Barrios para la gente, barrios para la vida

II  PARTEFrente a las propuestas masivas de atención a la vivienda o a la fragmentación en la cobertura estatal sobre los problemas urbanos, urge

Una interrogante central para la vida barrial gira en torno a las demandas de la población desatendidas por los gobiernos locales. Al preguntar sobre cuáles componentes son necesarios en la política pública local que faciliten la inclusión social y que los barrios sean para la gente, las personas participantes en el Seminario-taller, Barrios para la gente. Políticas locales sobre vivienda y hábitat con enfoque de género y de gestión del riesgo en Centroamérica, realizado en la Escuela de Arquitectura entre el 30 de julio al 1° de agosto de 2012, construyeron propuestas de gran riqueza.

II  PARTE

Frente a las propuestas masivas de atención a la vivienda o a la fragmentación en la cobertura estatal sobre los problemas urbanos, urge una gestión del territorio, desde las necesidades de sus habitantes, de forma coordinada y articulada. Frente a políticas públicas construidas lejos de la población, se necesita abordar el tema barrial y del hábitat, lo cual requiere que los gobiernos locales construyan las políticas según las características y necesidades específicas de los barrios y su gente. Son municipios que escuchan con atención a la población.

El acceso a la tierra se encuentra en el centro de la discusión de las problemáticas urbanas, como lo apunta Eduardo Reese, de la Universidad Nacional del General Sarmiento de Argentina. Sin acceso a la tierra para los habitantes, poco puede hacerse para atender las situaciones más apremiantes de las ciudades latinoamericanas. Por ello este expositor posiciona “la función social de la propiedad o la propiedad como función social es decir como derecho–deber”; se supera la concepción civilista de la propiedad, y se avanza hacia políticas de suelo alternativas, en donde el poder público protege al colectivo y promueve el acceso y la gestión del suelo.
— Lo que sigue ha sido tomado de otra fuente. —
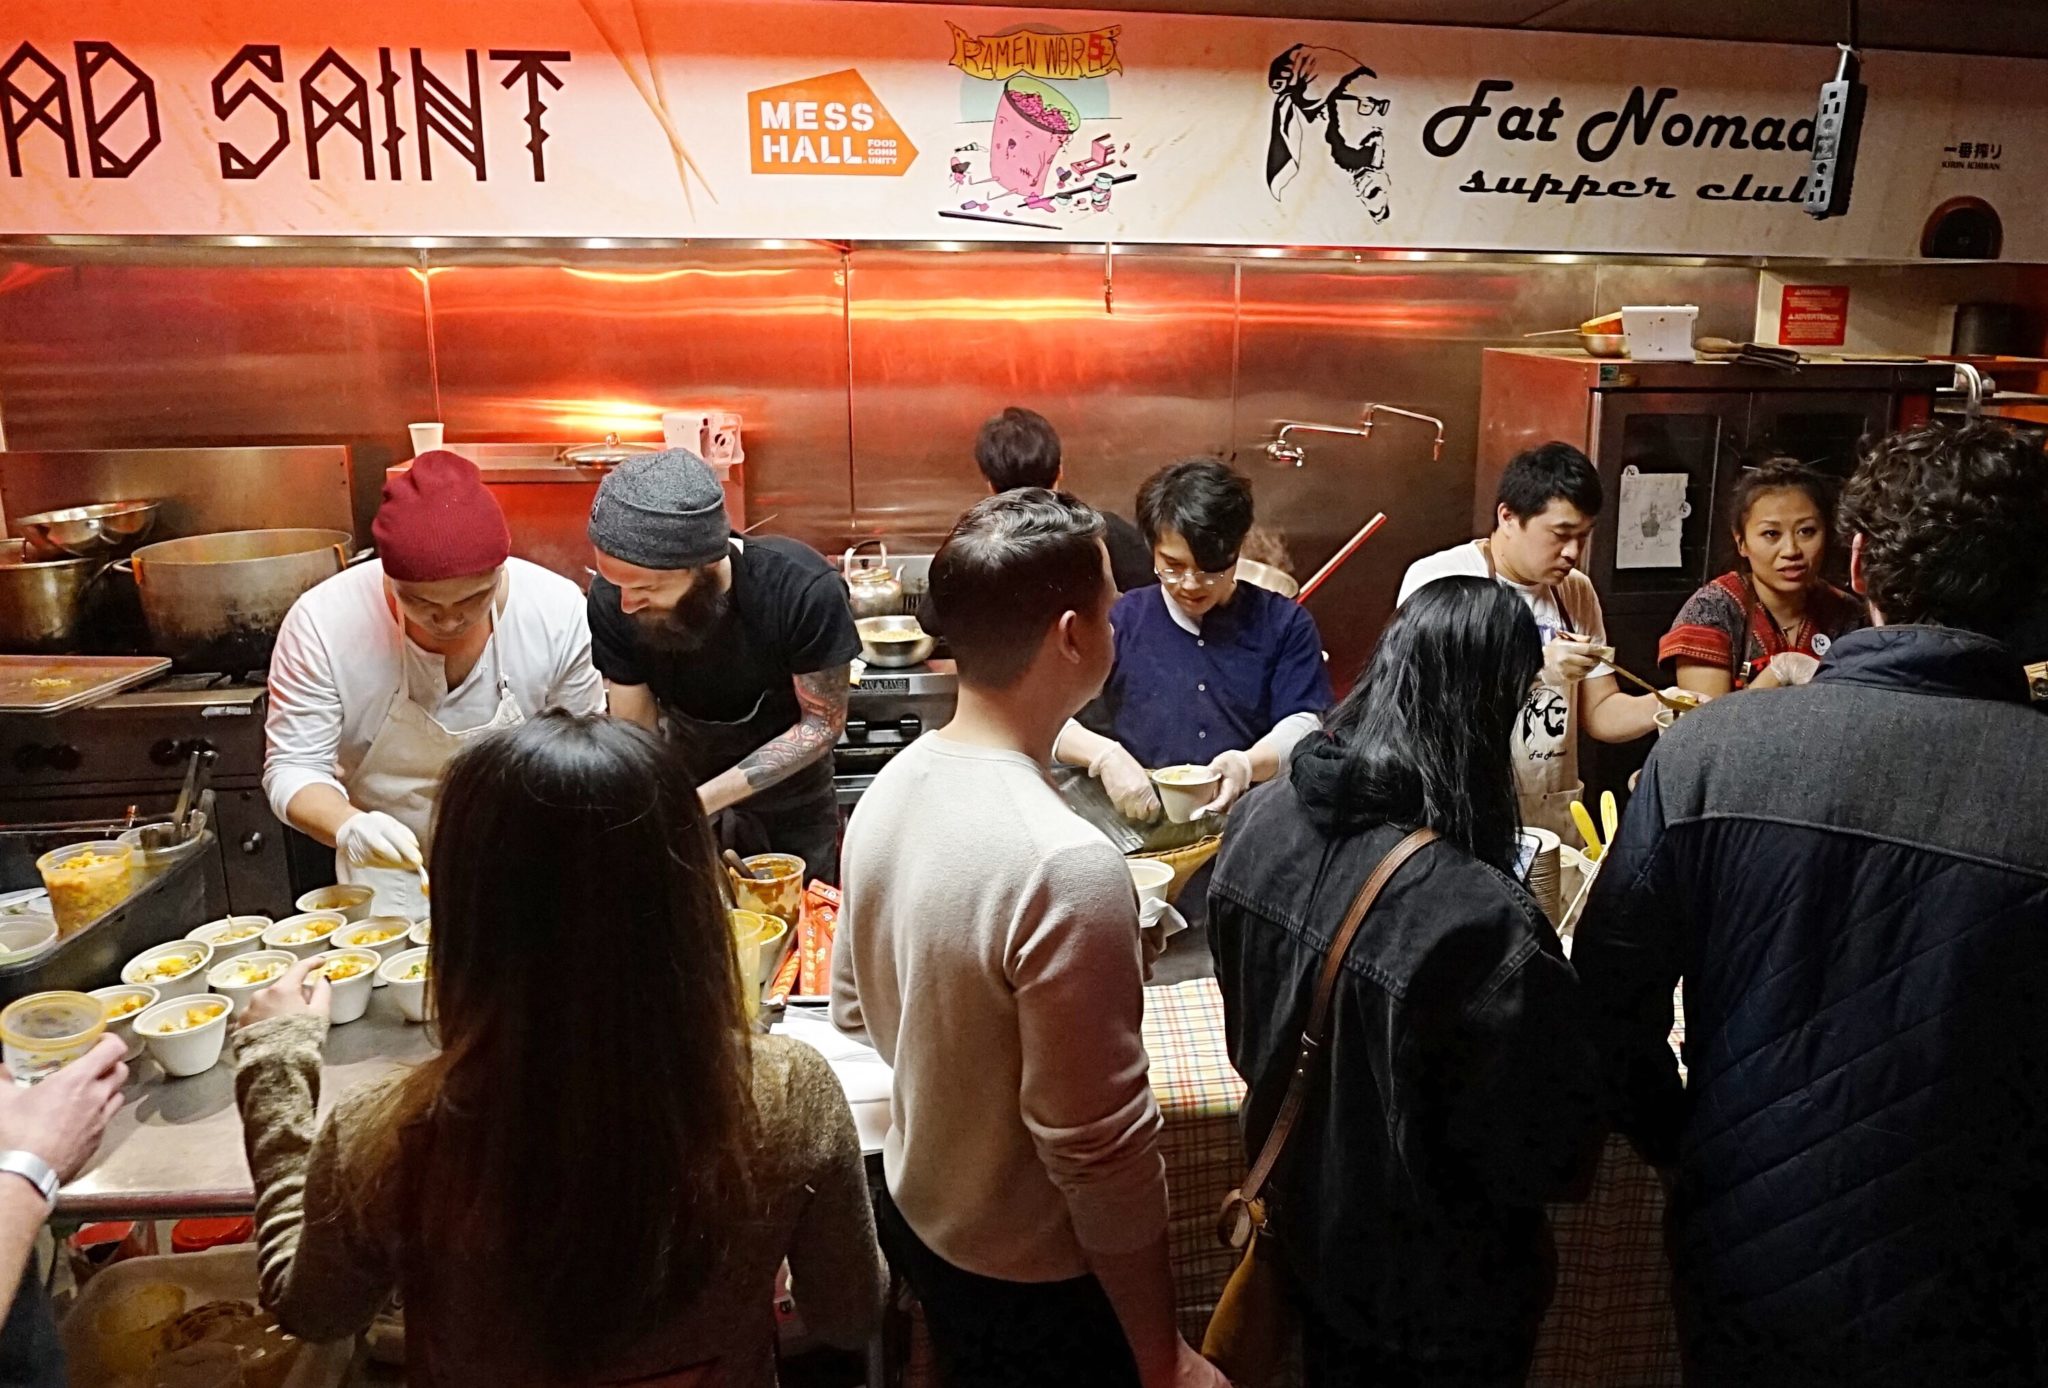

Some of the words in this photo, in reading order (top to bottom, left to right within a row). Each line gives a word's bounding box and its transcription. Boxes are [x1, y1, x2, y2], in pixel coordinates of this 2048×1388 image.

Según Reese, una política de suelo tomará en cuenta que la tierra es un activo que participa del proceso de desarrollo social; para ello es necesario distribuir con equidad los costos y beneficios del proceso de desarrollo urbano y, con ello, el disciplinamiento del mercado del suelo contra la especulación.

Desde la experiencia de la Secretaría Municipal de Hábitat de la Prefectura de Río de Janeiro, Brasil, Antônio Augusto Veríssimo reseñó el papel de las políticas locales en la atención a las favelas. Son programas que, desde 1994, aportan al mejoramiento de la calidad de vida de los barrios. Actualmente existe Morar Carioca, un plan que desde el 2010 tiene como meta urbanizar en diez años todas las favelas urbanizables del Municipio de Río de Janeiro.

Según Veríssimo, algunos aprendizajes de la práctica de la política local son: evitar el sacrificio de la calidad de las construcciones y ubicar los conjuntos habitacionales alejados de los centros de ciudad, en áreas sin infraestructura ni servicios. Destacó la prioridad de invertir en equipamientos a la vez que se invierte en vivienda y educación. La opción por el barrio cerrado y sin vías públicas crea encargos financieros excesivos de mantenimientos de las áreas comunes para los pobladores de bajos ingresos.

Las comunidades plantearon en el Seminario que los barrios para la gente son aquellos en los que se reconoce el derecho a un hábitat digno y seguro, que crecen, cuentan con saneamiento y salud pública y ambiental, poseen espacios públicos, viviendas y conectividad de calidad. En ese sentido, toda la comunidad está intercomunicada a lo interno y con el resto de la ciudad. La gestión del hábitat implica 1) la inclusión social (de género, generaciones, diferentes capacidades); 2) la priorización participativa de necesidades y 3) la organización y participación.

Para el reconocimiento del derecho a la ciudad se requiere comprender que la mayoría de los barrios autoconstruidos no pueden alcanzar las normativas urbanísticas y los permisos pensados para otras formas de ciudad, lo cual les excluye de procesos de desarrollo y que, sin embargo, el espacio que ocupan y su forma tienen criterios propios basados en el uso y necesidades que les dan sus habitantes y las posibilidades materiales del espacio, como lo señala Daniel Morgan, se rigen por criterios de desempeño.

Los barrios deben ser planificados por la gente que los habita, que forma comunidades, el espacio construido sería cuidado por la comunidad; esto nos conduce a un reposicionamiento del urbanismo basado en el derecho a la ciudad, un camino en el que nuestro país y Centroamérica ha comenzado a andar.